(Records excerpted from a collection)

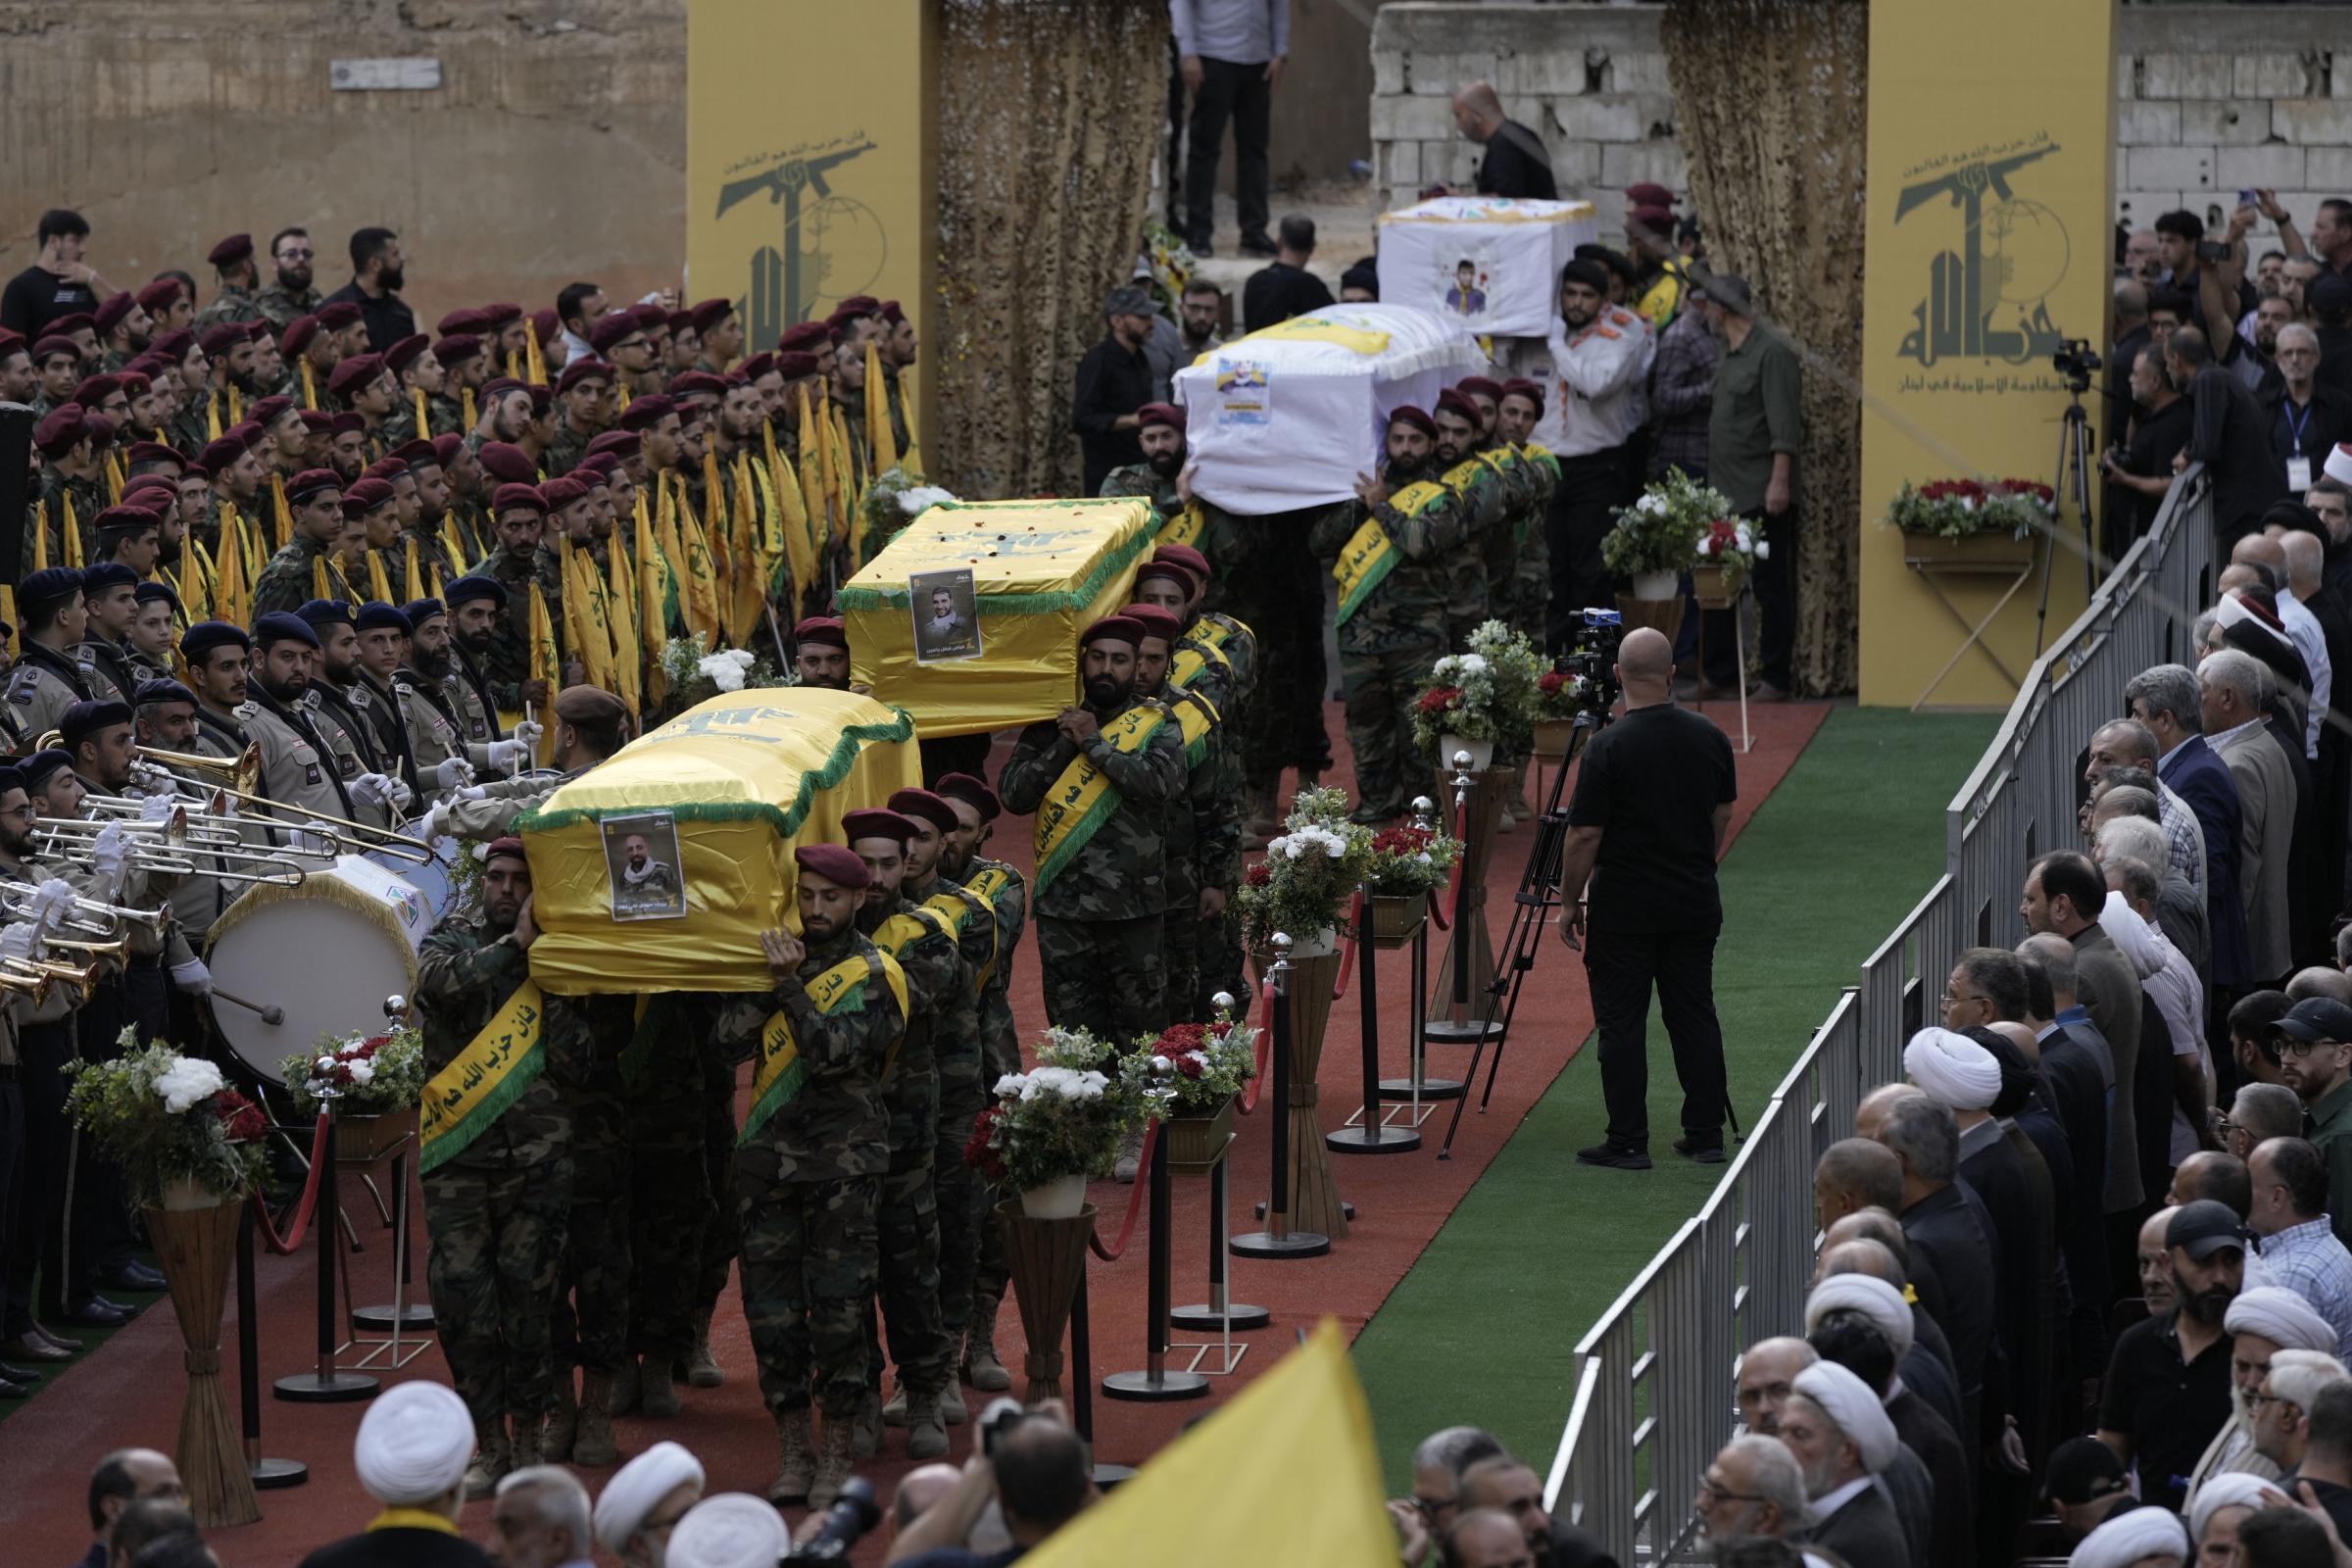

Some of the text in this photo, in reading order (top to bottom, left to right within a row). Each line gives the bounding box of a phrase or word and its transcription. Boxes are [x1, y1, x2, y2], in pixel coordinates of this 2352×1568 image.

[1077, 762, 1098, 786] لله
[483, 1033, 513, 1071] حزب
[767, 1027, 789, 1057] الله
[463, 1061, 486, 1091] الله
[443, 1088, 464, 1116] هم

> _PROBLEM STATEMENT_: Your answer must be a verbatim copy of the entries above, with no images included.

> _OUTPUT FOR THIS TASK_:
Some of the text in this photo, in reading order (top to bottom, left to right within a row). Each line gives the bounding box of a phrase or word and its transcription. Boxes are [x1, y1, x2, y2], in pixel coordinates of this 2352×1568 image.

[1077, 762, 1098, 786] لله
[483, 1033, 513, 1071] حزب
[767, 1027, 789, 1057] الله
[463, 1061, 486, 1091] الله
[443, 1088, 464, 1116] هم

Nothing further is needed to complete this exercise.